ASSIGNMENT:
A verbatim copy of the full data, with no pictures, is the expected answer.

SOURCE MATERIAL:
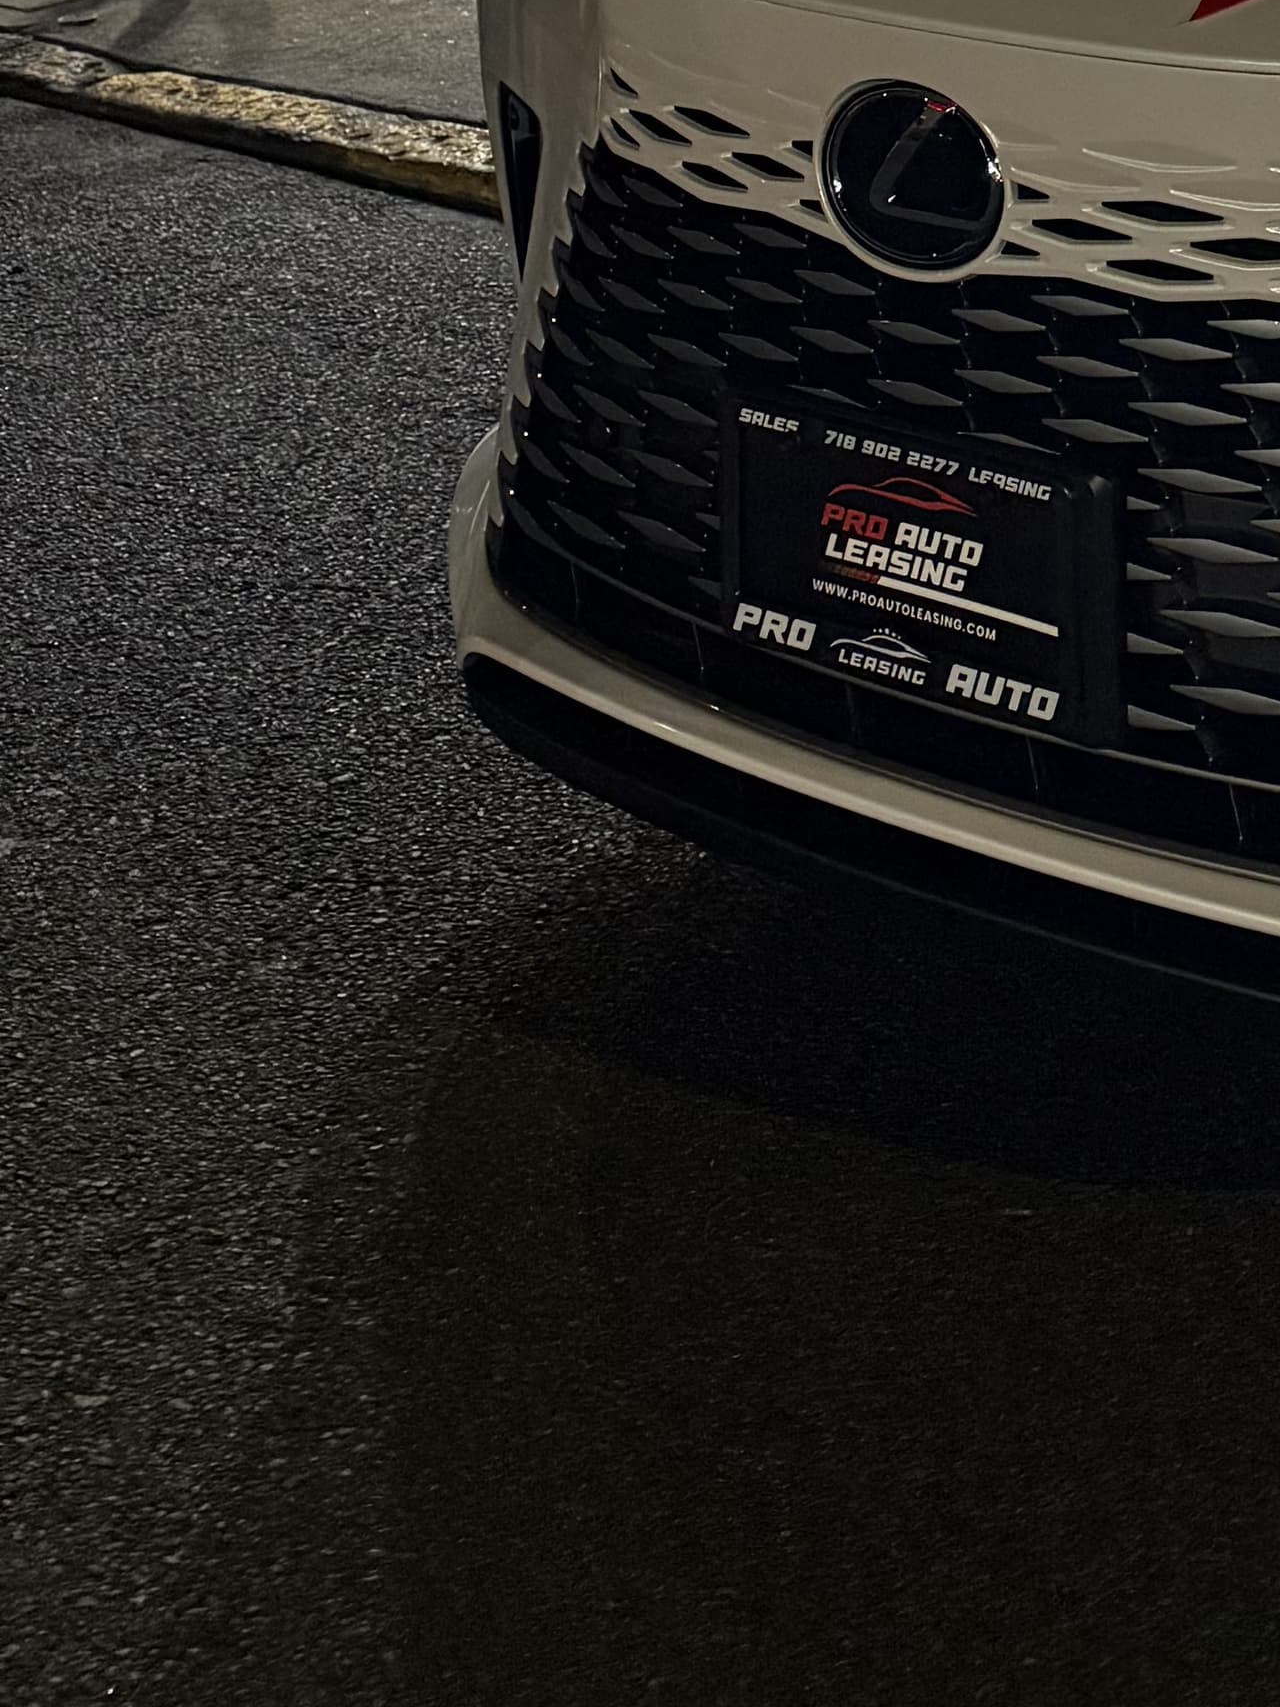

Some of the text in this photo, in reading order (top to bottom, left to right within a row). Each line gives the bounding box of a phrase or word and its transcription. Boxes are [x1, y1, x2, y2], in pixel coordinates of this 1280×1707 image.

[824, 430, 857, 450] 718
[861, 440, 901, 461] 902
[906, 451, 960, 475] 2277
[821, 502, 984, 567] PRO AUTO
[824, 533, 966, 592] LEASING
[812, 578, 996, 641] WWW.PROAUTOLEASING.COM
[732, 602, 1060, 721] PRO LEASING AUTO
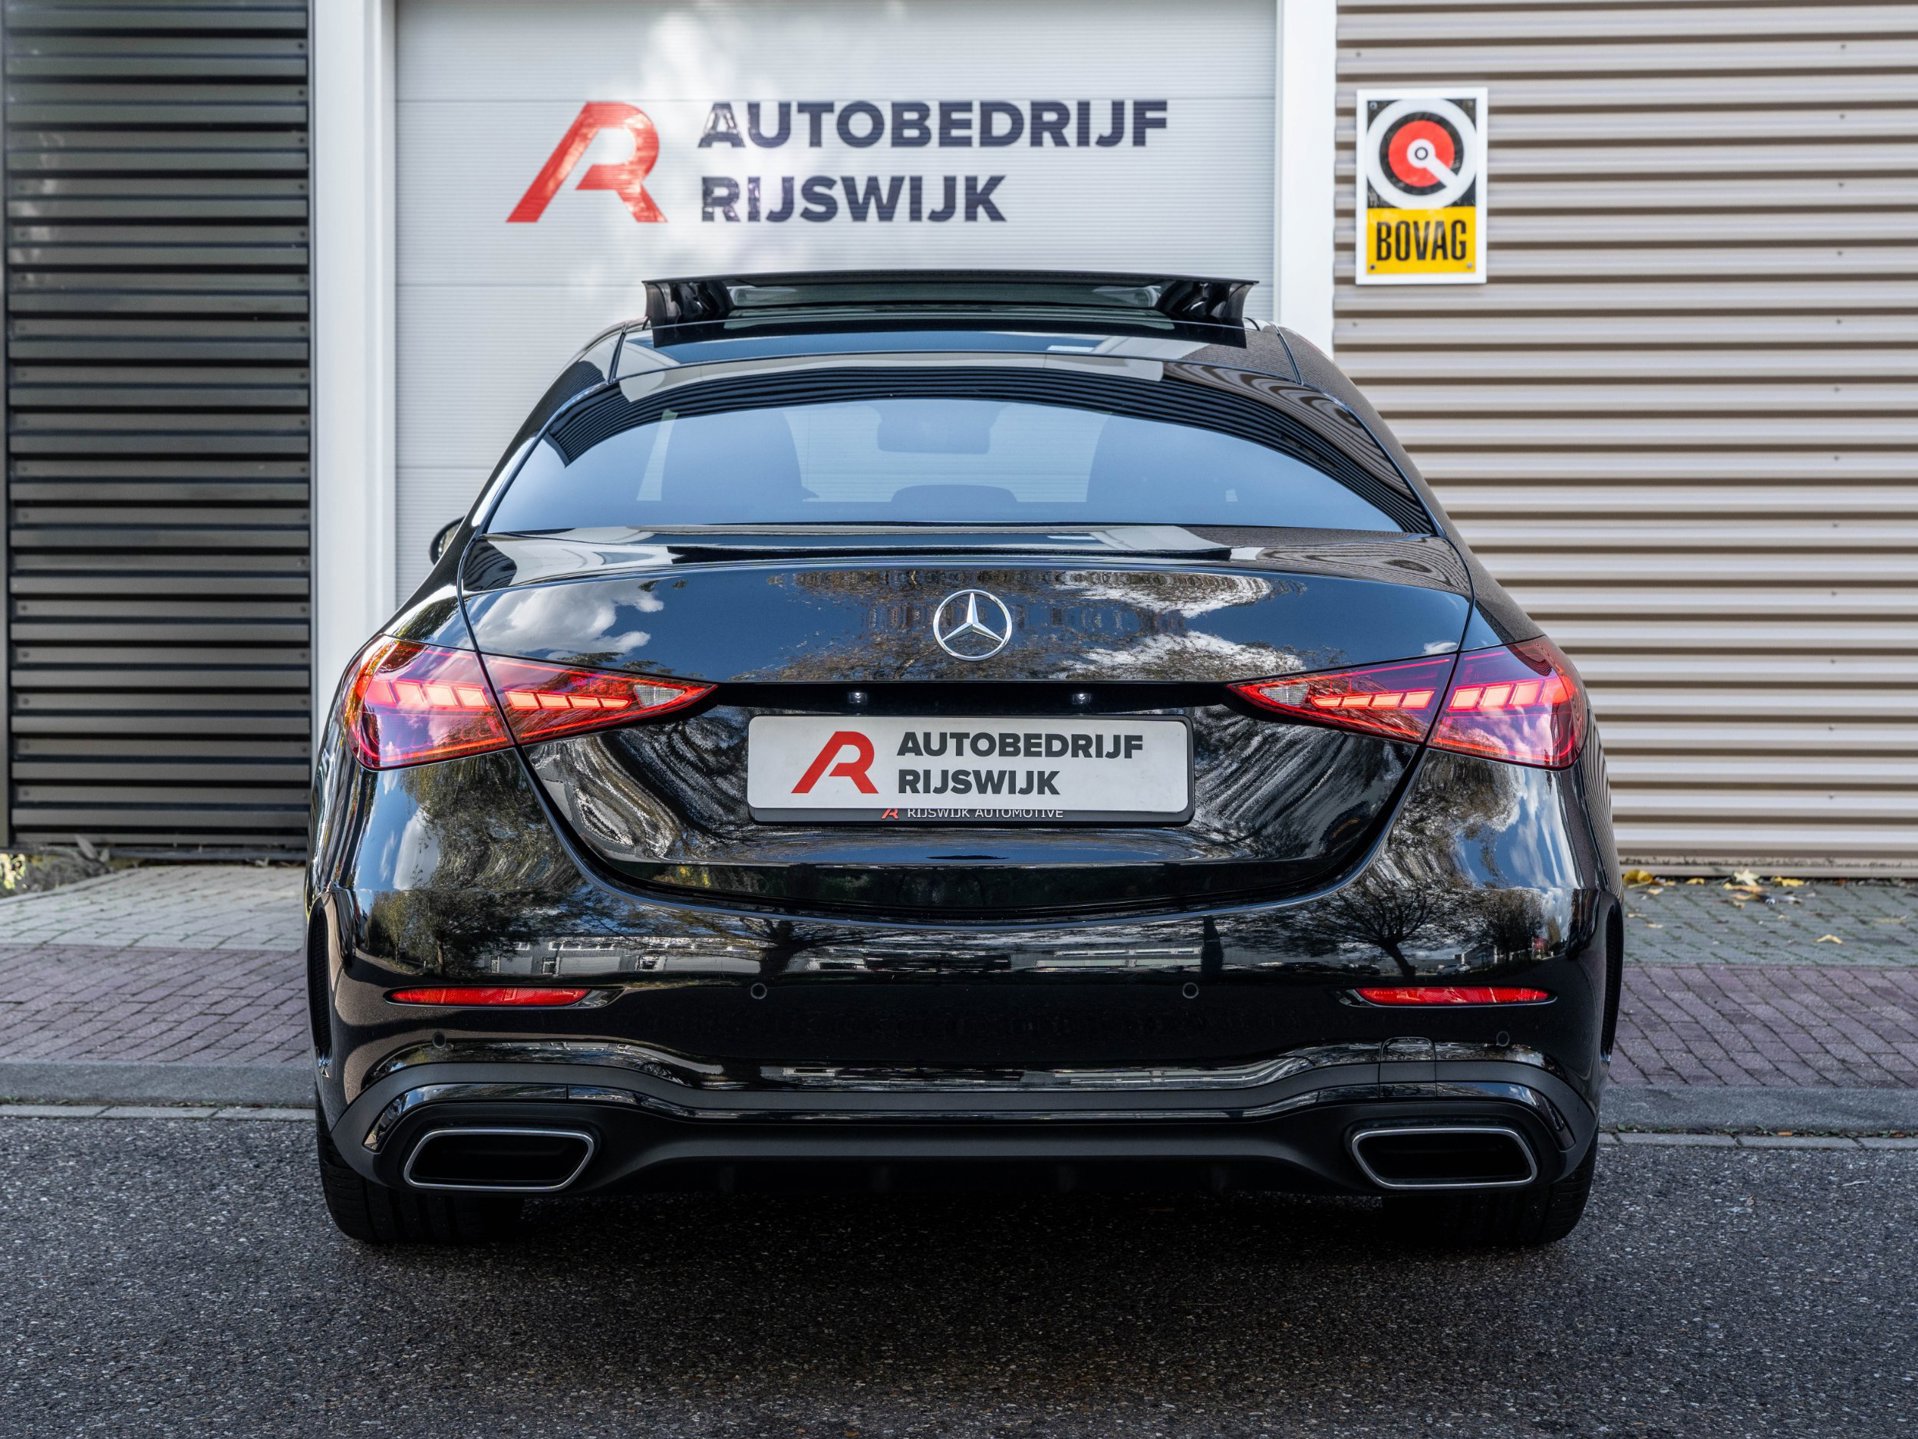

RESPONSE AREA:
Some of the text in this photo, in reading order (top to bottom, left to right within a row). Each line gives the bounding box of a phrase or word and its transcription. Boxes are [x1, y1, x2, y2], in pixel coordinates of this 1280×1707 image.

[824, 430, 857, 450] 718
[861, 440, 901, 461] 902
[906, 451, 960, 475] 2277
[821, 502, 984, 567] PRO AUTO
[824, 533, 966, 592] LEASING
[812, 578, 996, 641] WWW.PROAUTOLEASING.COM
[732, 602, 1060, 721] PRO LEASING AUTO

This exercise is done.